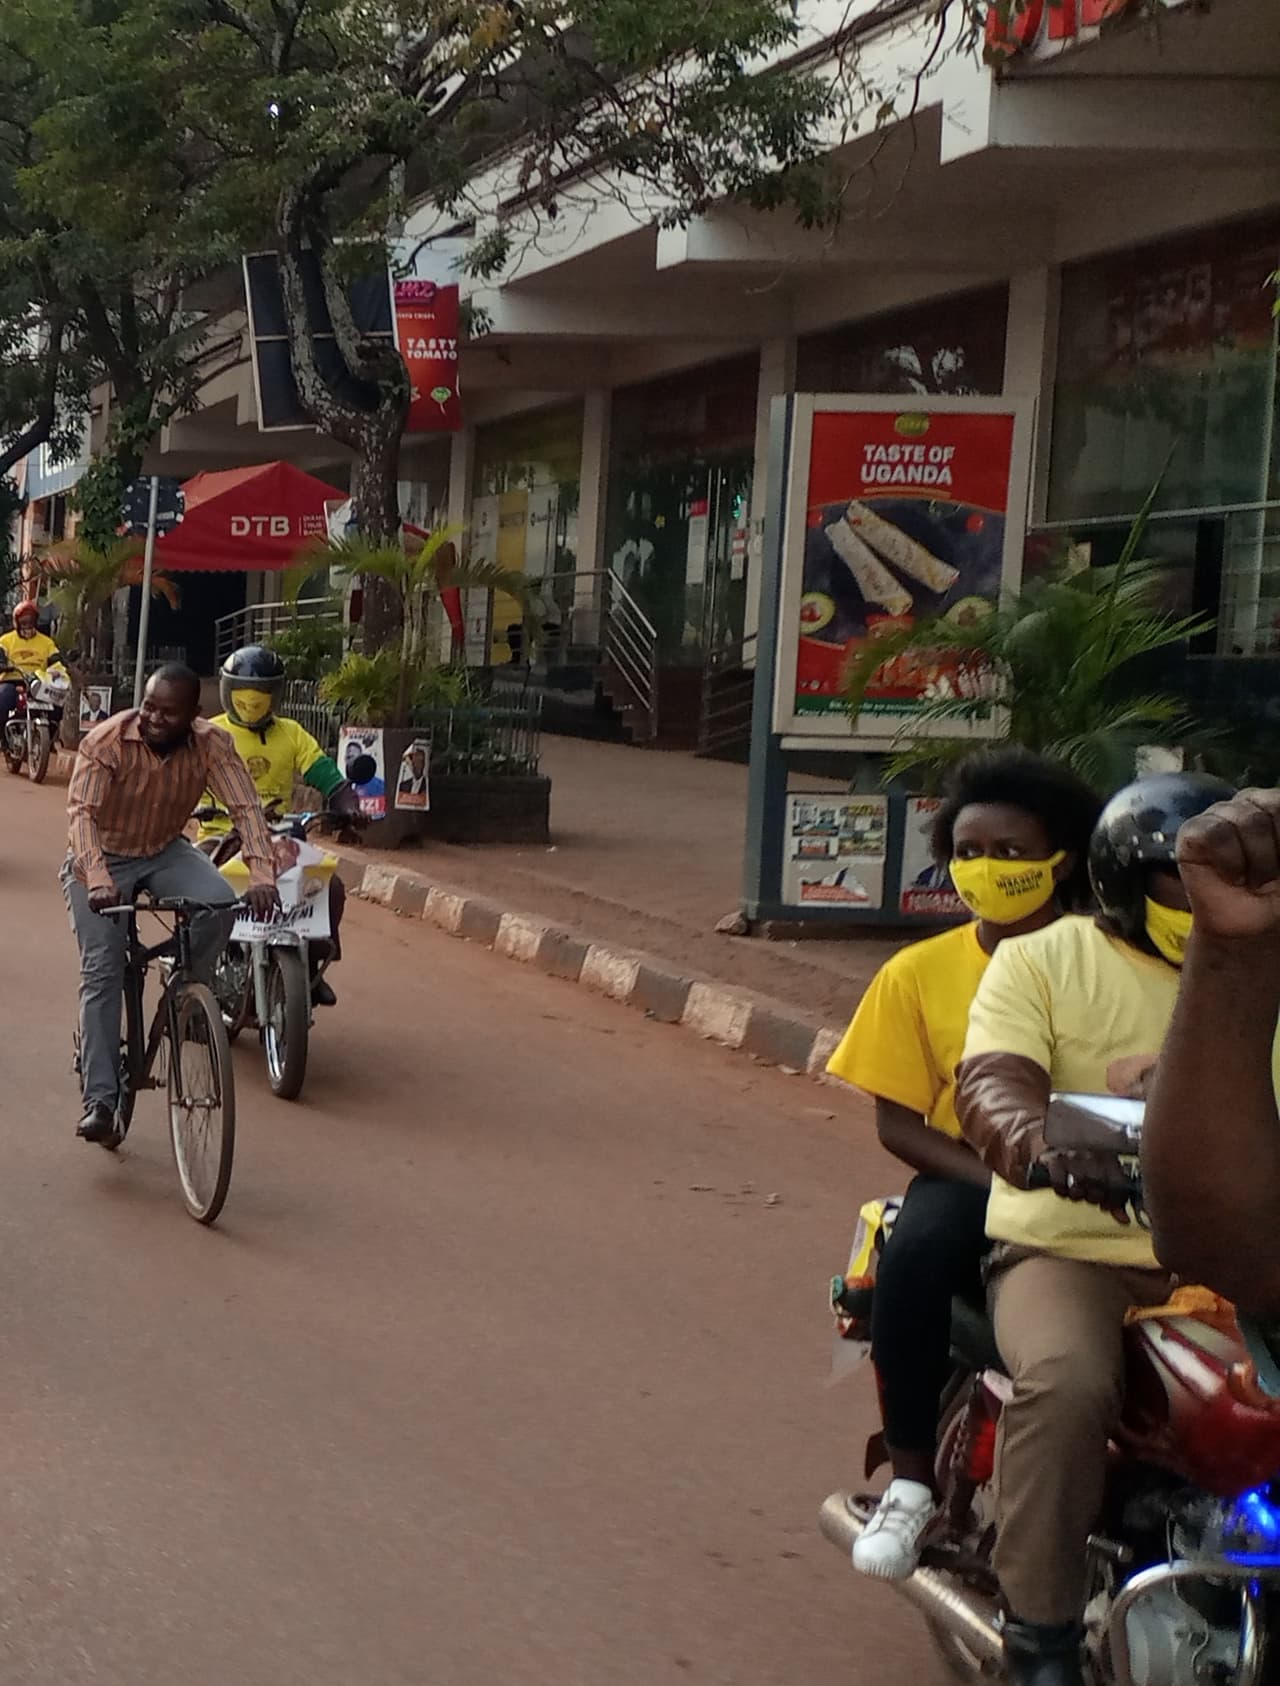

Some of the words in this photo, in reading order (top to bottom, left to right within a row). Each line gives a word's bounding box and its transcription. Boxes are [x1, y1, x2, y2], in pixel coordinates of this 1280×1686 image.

[407, 338, 456, 350] TASTY
[407, 350, 457, 360] TOMATO
[863, 444, 926, 463] TASTE
[928, 445, 955, 464] OF
[861, 464, 953, 486] UGANDA
[231, 516, 289, 536] DTB

* * * * * * * * *

_WORK ORDER_
Output the listing exactly. Leave out any image.

_EXERCISE RESULT_
Some of the words in this photo, in reading order (top to bottom, left to right within a row). Each line gives a word's bounding box and its transcription. Boxes are [x1, y1, x2, y2], in pixel coordinates of this 1280×1686 image.

[407, 338, 456, 350] TASTY
[407, 350, 457, 360] TOMATO
[863, 444, 926, 463] TASTE
[928, 445, 955, 464] OF
[861, 464, 953, 486] UGANDA
[231, 516, 289, 536] DTB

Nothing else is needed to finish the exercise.